Assignment
Repeat the data exactly, please; no pictures belong in the copy.

Supplied entries
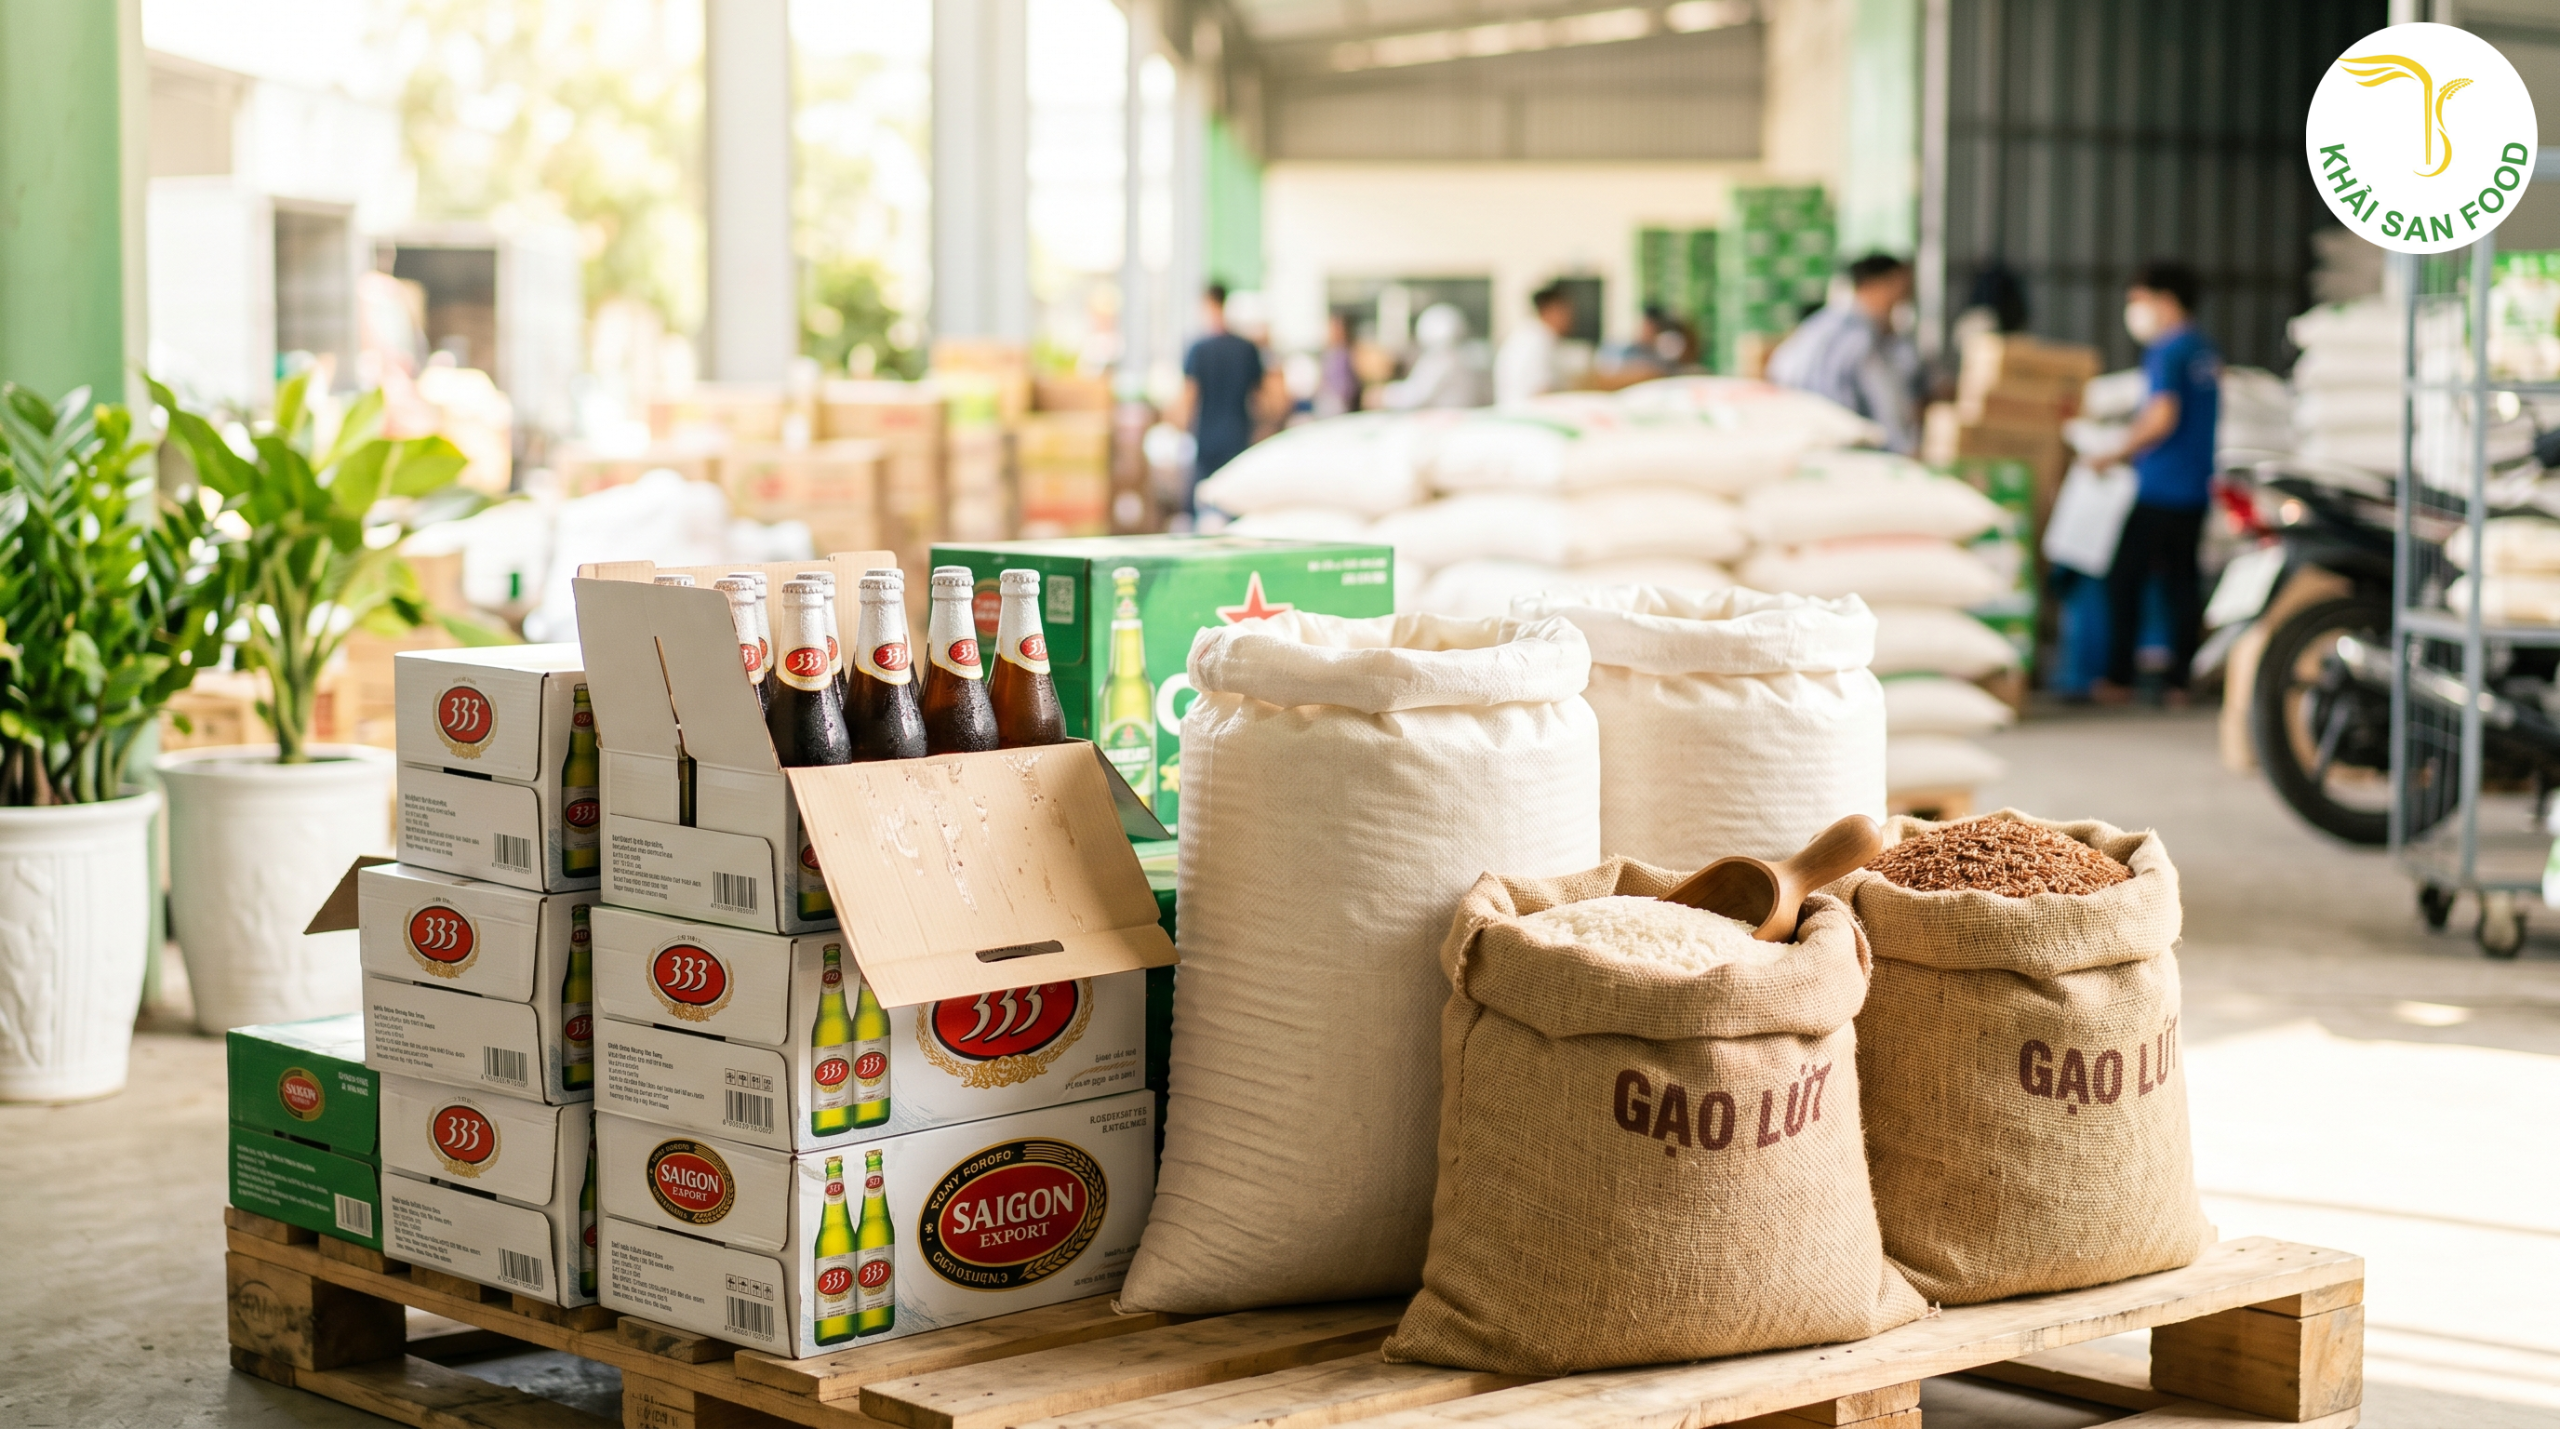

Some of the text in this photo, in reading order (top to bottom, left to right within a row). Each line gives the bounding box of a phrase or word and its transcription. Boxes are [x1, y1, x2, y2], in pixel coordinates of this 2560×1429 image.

[446, 697, 480, 732] 333
[420, 916, 459, 951] 333
[665, 955, 708, 991] 333
[2019, 1040, 2123, 1115] GẠO
[1613, 1069, 1736, 1157] GẠO
[443, 1116, 480, 1152] 333
[661, 1164, 719, 1194] SAIGON
[952, 1183, 1075, 1235] SAIGON
[979, 1222, 1050, 1248] EXPORT

Answer space
Some of the text in this photo, in reading order (top to bottom, left to right within a row). Each line gives the bounding box of a phrase or word and its transcription. Boxes are [x1, y1, x2, y2], in pixel coordinates of this 2560×1429 image.

[446, 697, 480, 732] 333
[420, 916, 459, 951] 333
[665, 955, 708, 991] 333
[2019, 1040, 2123, 1115] GẠO
[1613, 1069, 1736, 1157] GẠO
[443, 1116, 480, 1152] 333
[661, 1164, 719, 1194] SAIGON
[952, 1183, 1075, 1235] SAIGON
[979, 1222, 1050, 1248] EXPORT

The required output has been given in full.